Tout un arsenal de mesures, à commencer par l’échange d’informations, existe pour assurer la sécurité. Mais les Etats rechignent à les mettre en œuvre. La Commission appelle à une réunion d’urgence ce jeudi

Jean-Claude Juncker, le président de la Commission européenne, n’a pas fait un mea culpa, mais presque. «Si les Vingt-Huit Etats avaient mis en œuvre le Programme européen en matière de sécurité, ils n’en seraient pas là aujourd’hui», s’est-il indigné au lendemain des attentats terroristes qui ont fait 34 morts et plus de 200 blessés à Bruxelles. Lors d’un point de presse tenu après une rencontre avec le premier ministre français Manuel Valls, il a ajouté qu’il faut créer, en plus de l’Union économique et monétaire et l’union énergétique, une union pour la sécurité. «Les éléments constitutifs ont été adoptés par les Etats, a-t-il ajouté. Mais les Etats rechignent à les mettre en pratique.»
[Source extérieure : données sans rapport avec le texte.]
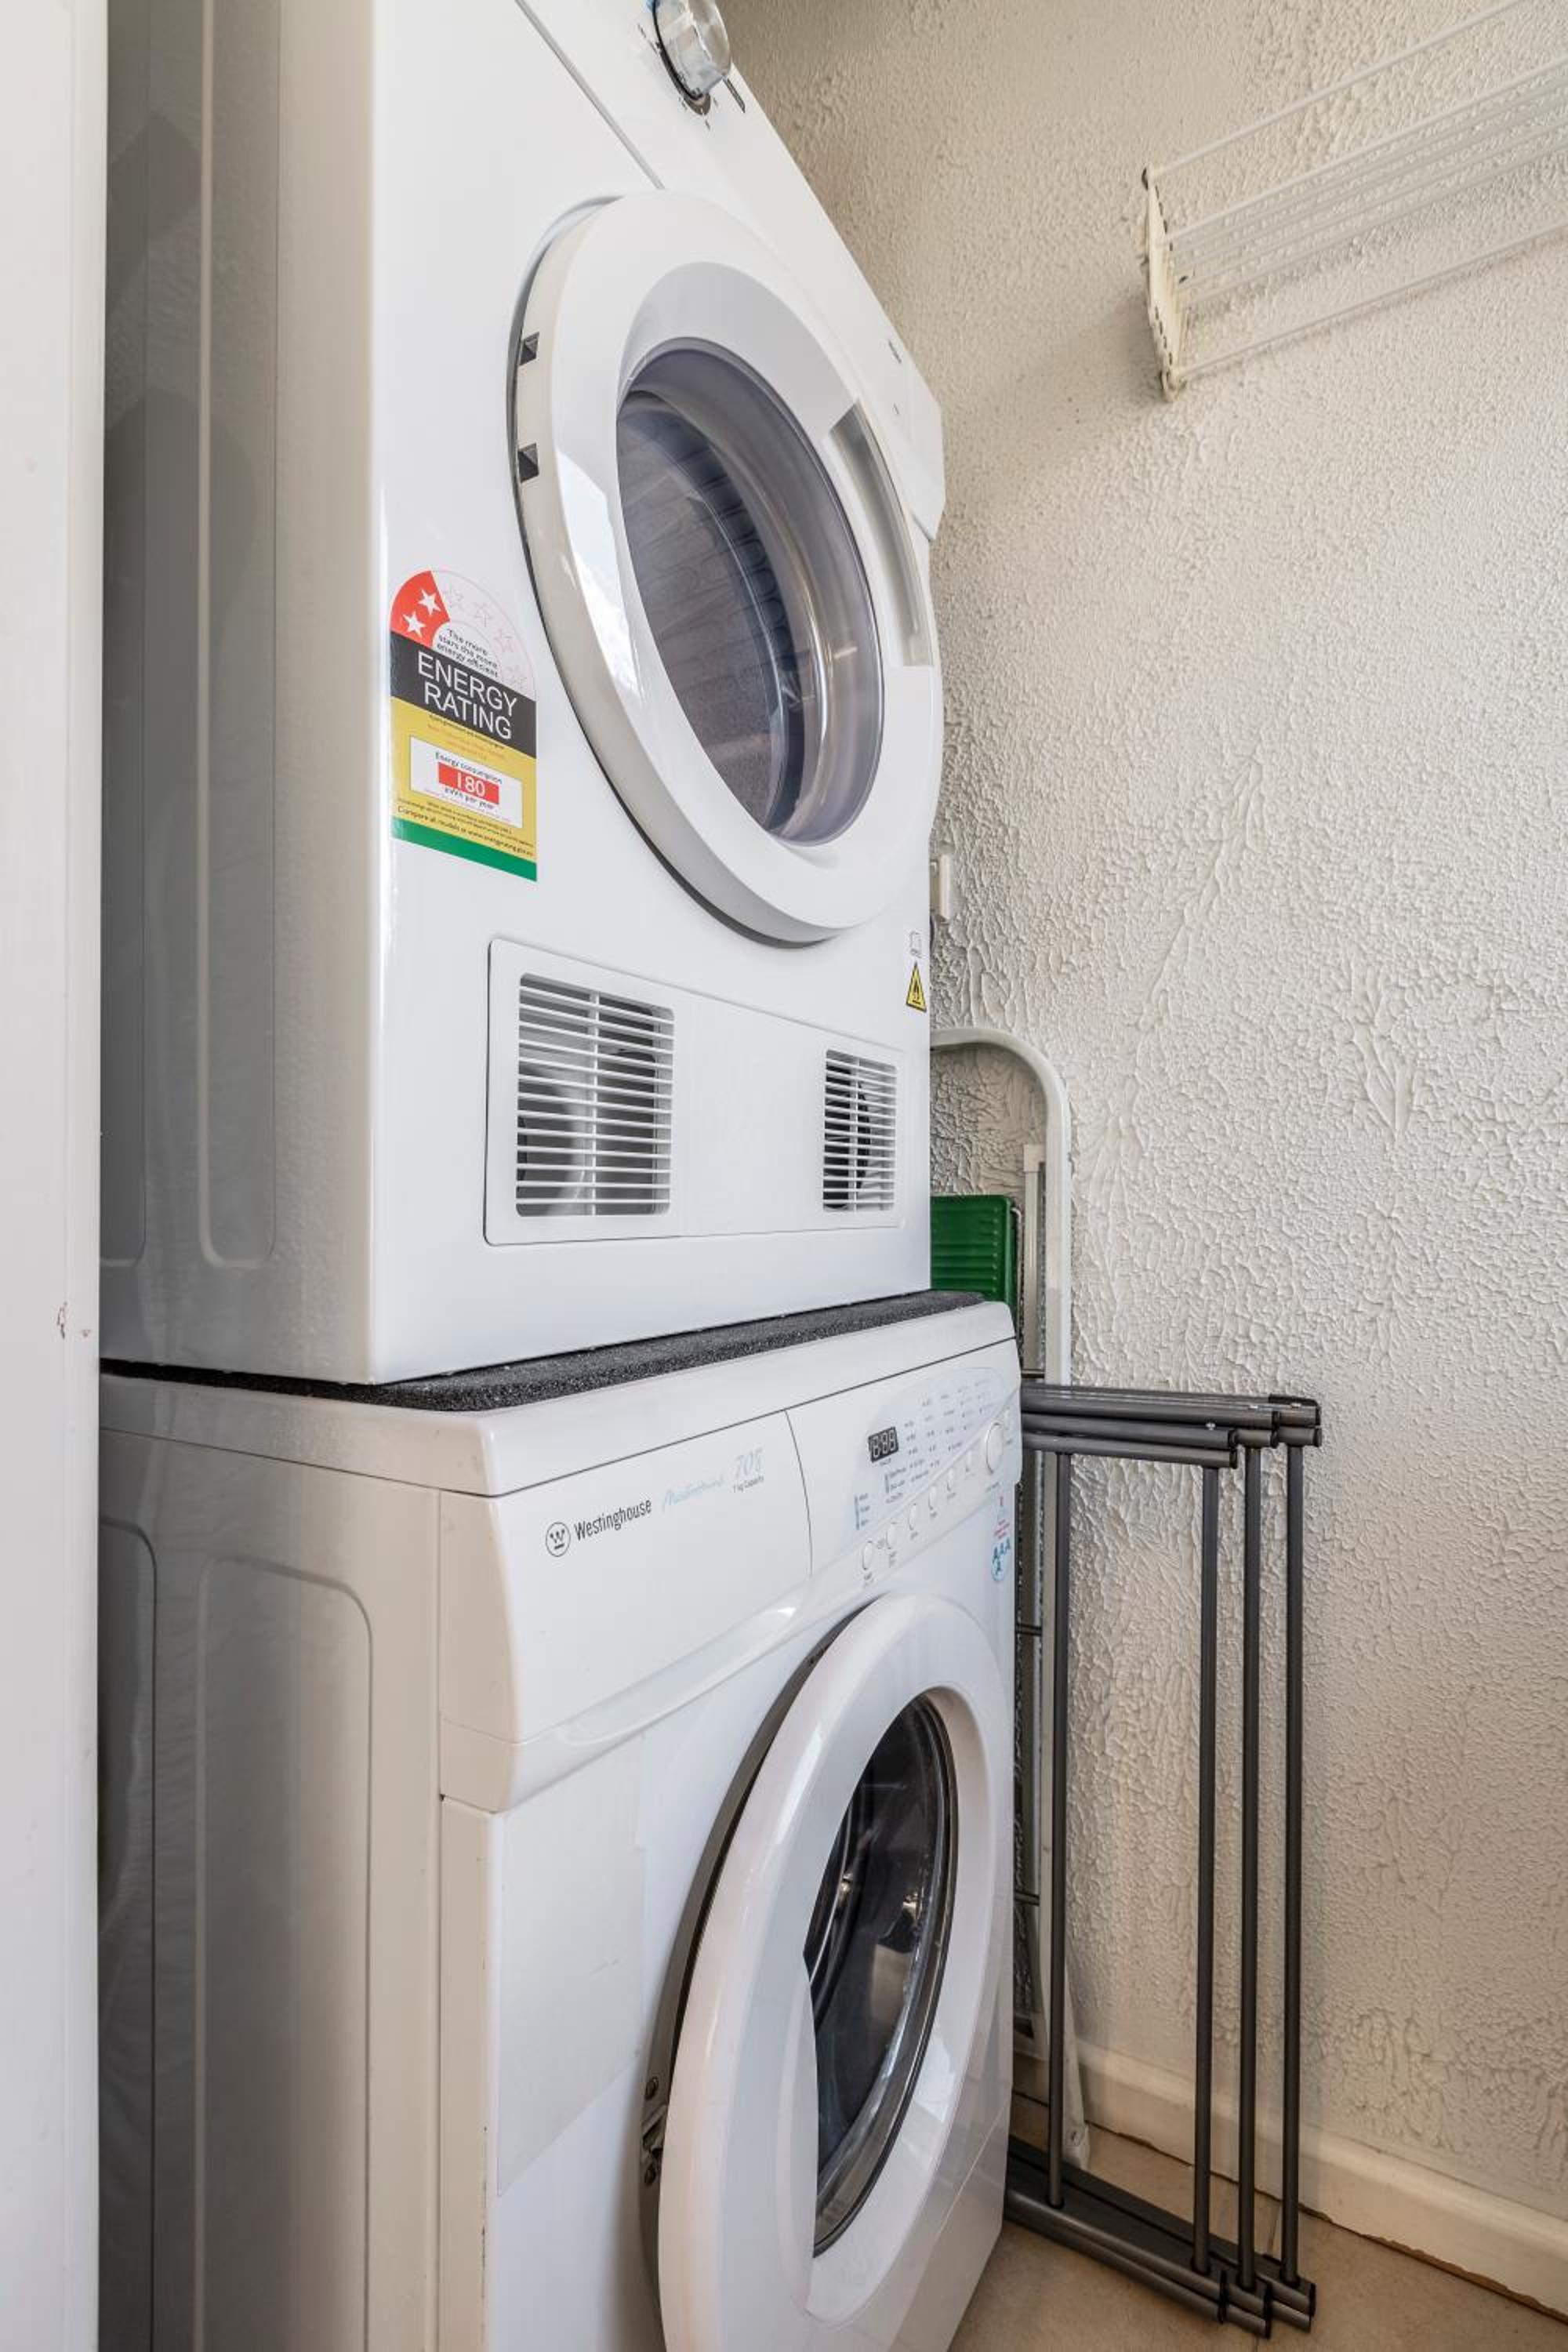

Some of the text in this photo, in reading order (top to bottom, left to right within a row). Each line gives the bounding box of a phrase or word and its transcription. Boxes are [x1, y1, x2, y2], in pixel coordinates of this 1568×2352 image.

Après les attentats qui avaient frappé Charlie Hebdo et une épicerie casher à Paris début janvier 2015, les regards s’étaient tournés vers Bruxelles pour élaborer une riposte européenne contre le terrorisme. Tout en reconnaissant que la sécurité est l’affaire des différents Etats, la Commission avait présenté en avril un «Programme européen en matière de sécurité». Parmi les points forts: un meilleur partage des informations, un renforcement de la coopération entre les autorités policières, la protection des frontières extérieures de l’espace Schengen et la mise en place du système européen de dossiers passagers, plus connu sous son acronyme anglais Passenger Name record (PNR). Ces derniers mois, la Commission a ajouté la lutte contre le financement du terrorisme ainsi que la lutte contre le trafic d’armes à son agenda.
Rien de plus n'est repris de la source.